* [Task description]: Leave out the pictures and restate every entry word for word.

* [Task input]:
####################
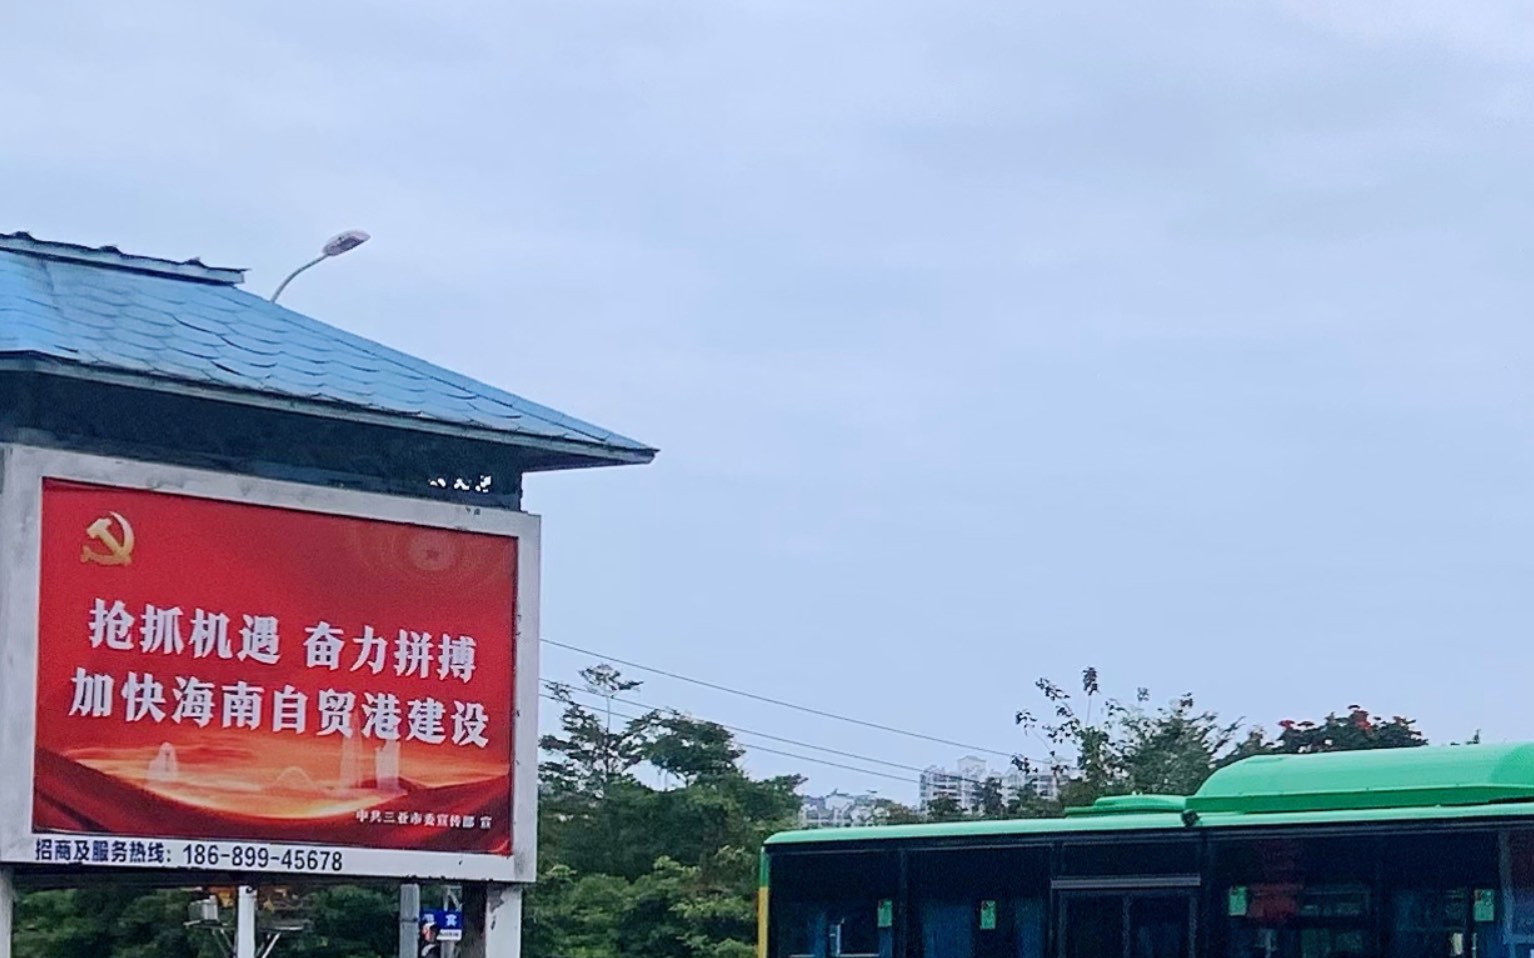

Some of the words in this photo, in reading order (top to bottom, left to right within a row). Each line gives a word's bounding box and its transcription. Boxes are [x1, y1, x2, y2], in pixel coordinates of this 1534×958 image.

[88, 597, 282, 666] 抢抓机遇
[304, 620, 478, 683] 奋力拼搏
[69, 667, 490, 749] 加快海南自贸港建设
[355, 809, 476, 829] 中共三亚市委宣传部
[35, 838, 172, 864] 招商及服务热线：
[182, 843, 343, 872] 186-899-45678
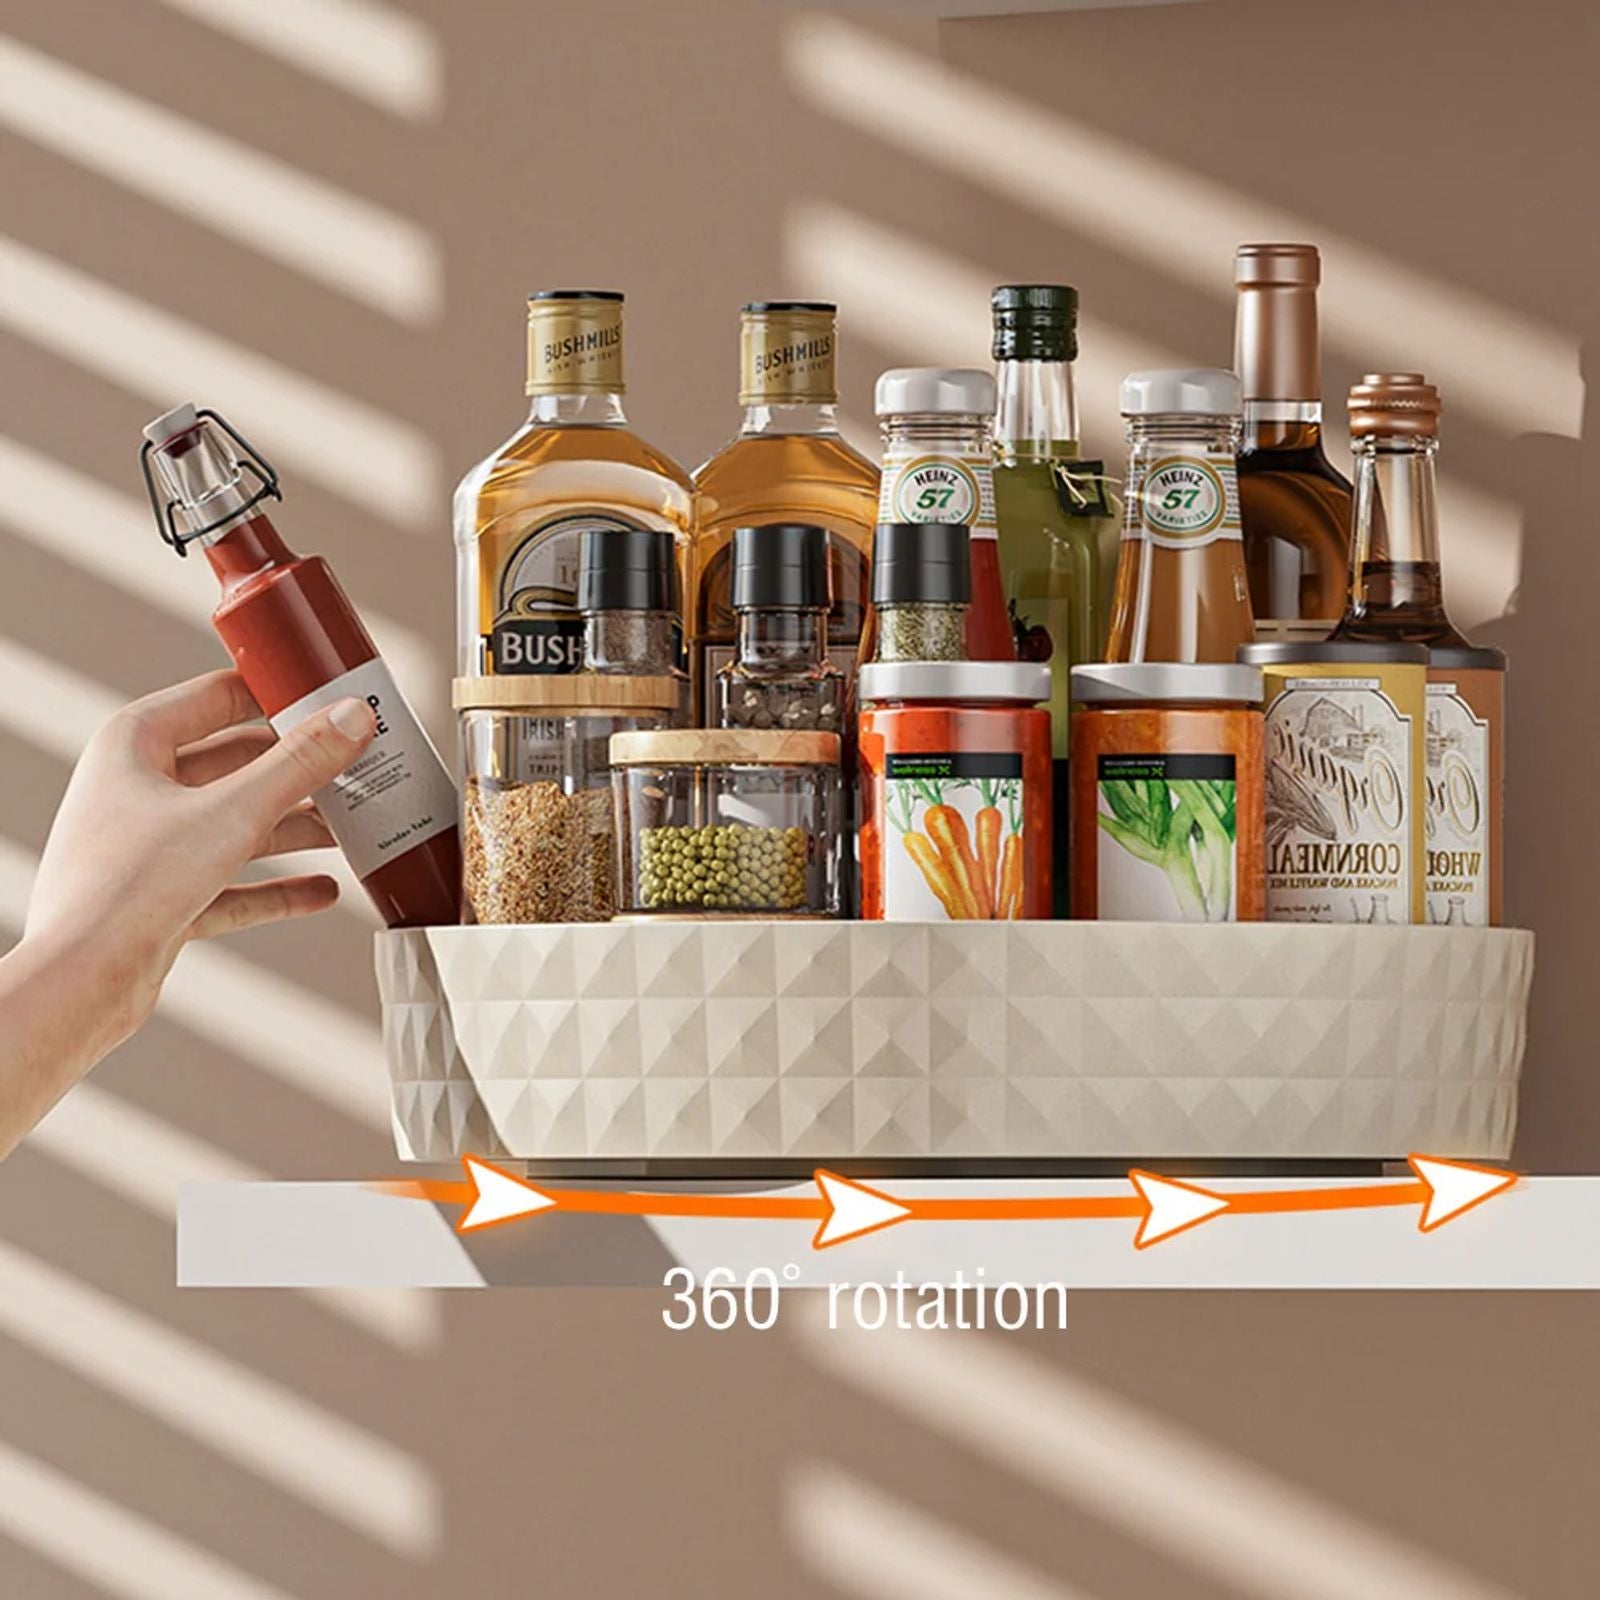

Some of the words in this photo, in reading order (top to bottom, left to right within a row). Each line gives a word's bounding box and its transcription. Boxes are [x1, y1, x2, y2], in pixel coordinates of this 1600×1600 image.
####################
* [Answer box]:
Some of the words in this photo, in reading order (top to bottom, left to right within a row). Each line gives a word's bounding box and its transcription. Boxes are [x1, y1, x2, y2], in pixel coordinates of this 1534×958 image.

[88, 597, 282, 666] 抢抓机遇
[304, 620, 478, 683] 奋力拼搏
[69, 667, 490, 749] 加快海南自贸港建设
[355, 809, 476, 829] 中共三亚市委宣传部
[35, 838, 172, 864] 招商及服务热线：
[182, 843, 343, 872] 186-899-45678

Some of the words in this photo, in reading order (top to bottom, left to right within a row). Each line gives a word's bounding box and its transcription. Boxes are [x1, y1, x2, y2], in pixel coordinates of this 1600×1600 image.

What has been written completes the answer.